Your task:
Your answer must be an exact copy of the entries below, with no pictures in it.

Saved data entries:
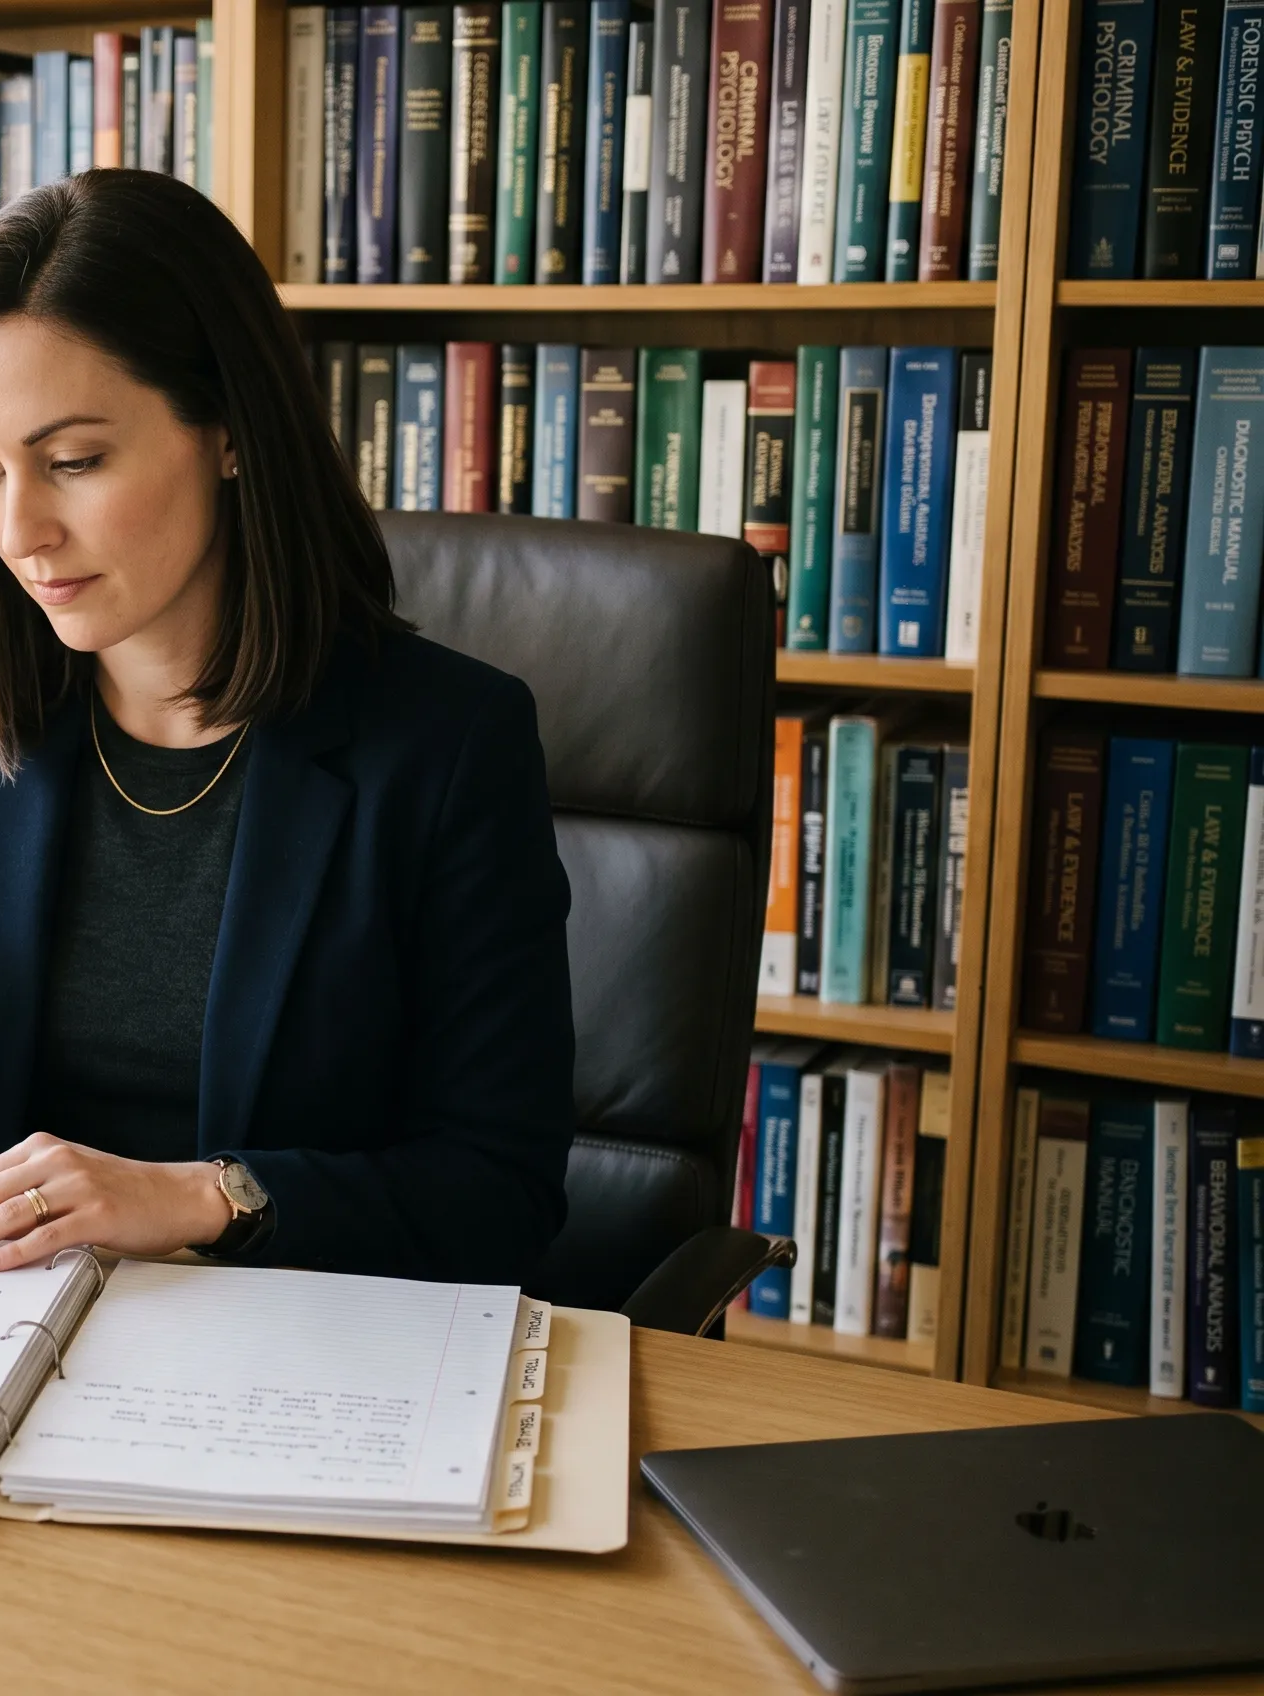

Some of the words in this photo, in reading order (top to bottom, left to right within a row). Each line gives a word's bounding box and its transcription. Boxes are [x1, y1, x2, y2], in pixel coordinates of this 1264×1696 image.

[1176, 56, 1194, 72] &
[1179, 8, 1197, 51] LAW
[1237, 18, 1262, 112] FORENSIC
[1089, 21, 1115, 165] PSYCHOLOGY
[1111, 39, 1137, 147] CRIMINAL
[1169, 76, 1193, 174] EVIDENCE
[1203, 804, 1222, 846] LAW
[1194, 867, 1218, 958] EVIDENCE
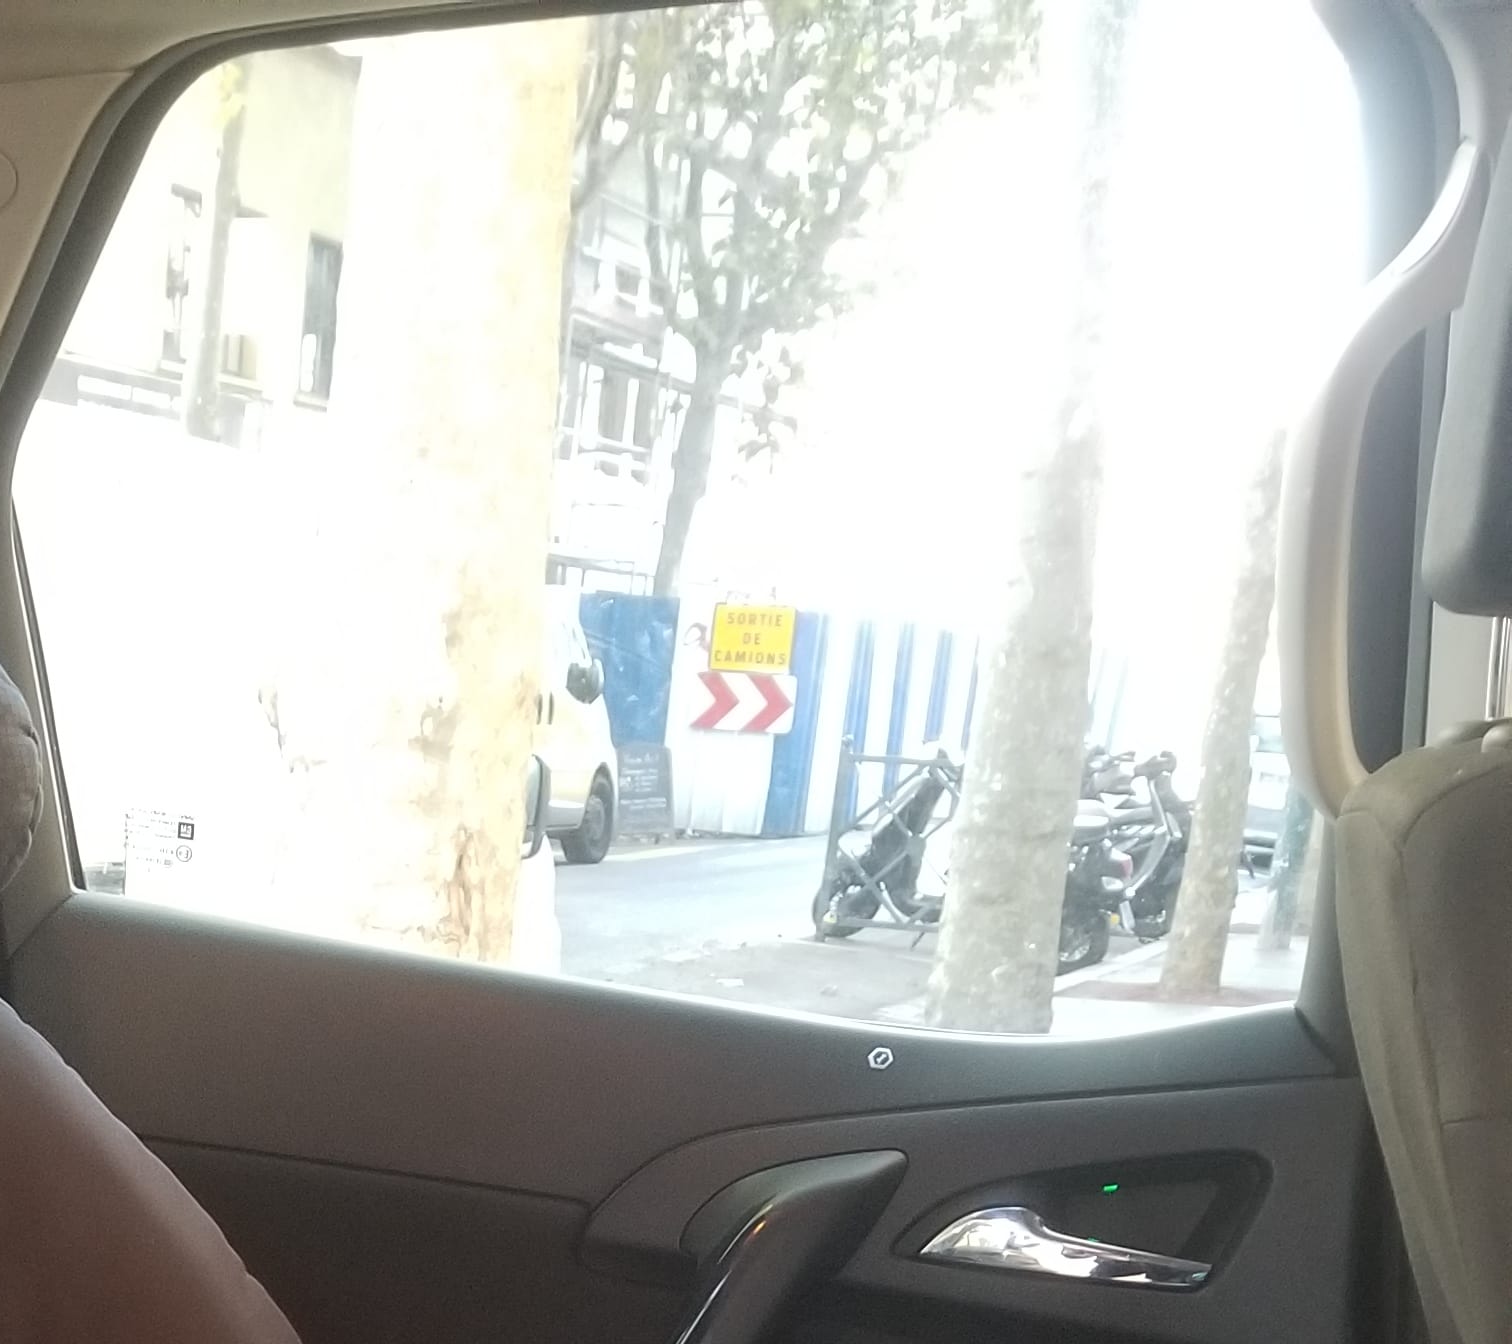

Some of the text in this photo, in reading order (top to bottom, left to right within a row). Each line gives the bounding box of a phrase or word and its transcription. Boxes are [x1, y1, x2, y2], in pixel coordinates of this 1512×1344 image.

[727, 612, 783, 627] SORTIE
[743, 632, 761, 645] DE
[714, 650, 787, 665] CAMIONS

Task answer:
Some of the words in this photo, in reading order (top to bottom, left to right within a row). Each line gives a word's bounding box and its transcription. Boxes are [x1, y1, x2, y2], in pixel coordinates of this 1264×1696 image.

[1176, 56, 1194, 72] &
[1179, 8, 1197, 51] LAW
[1237, 18, 1262, 112] FORENSIC
[1089, 21, 1115, 165] PSYCHOLOGY
[1111, 39, 1137, 147] CRIMINAL
[1169, 76, 1193, 174] EVIDENCE
[1203, 804, 1222, 846] LAW
[1194, 867, 1218, 958] EVIDENCE

Some of the text in this photo, in reading order (top to bottom, left to right within a row). Each line gives the bounding box of a phrase or word and its transcription. Boxes are [x1, y1, x2, y2], in pixel coordinates of this 1512×1344 image.

[727, 612, 783, 627] SORTIE
[743, 632, 761, 645] DE
[714, 650, 787, 665] CAMIONS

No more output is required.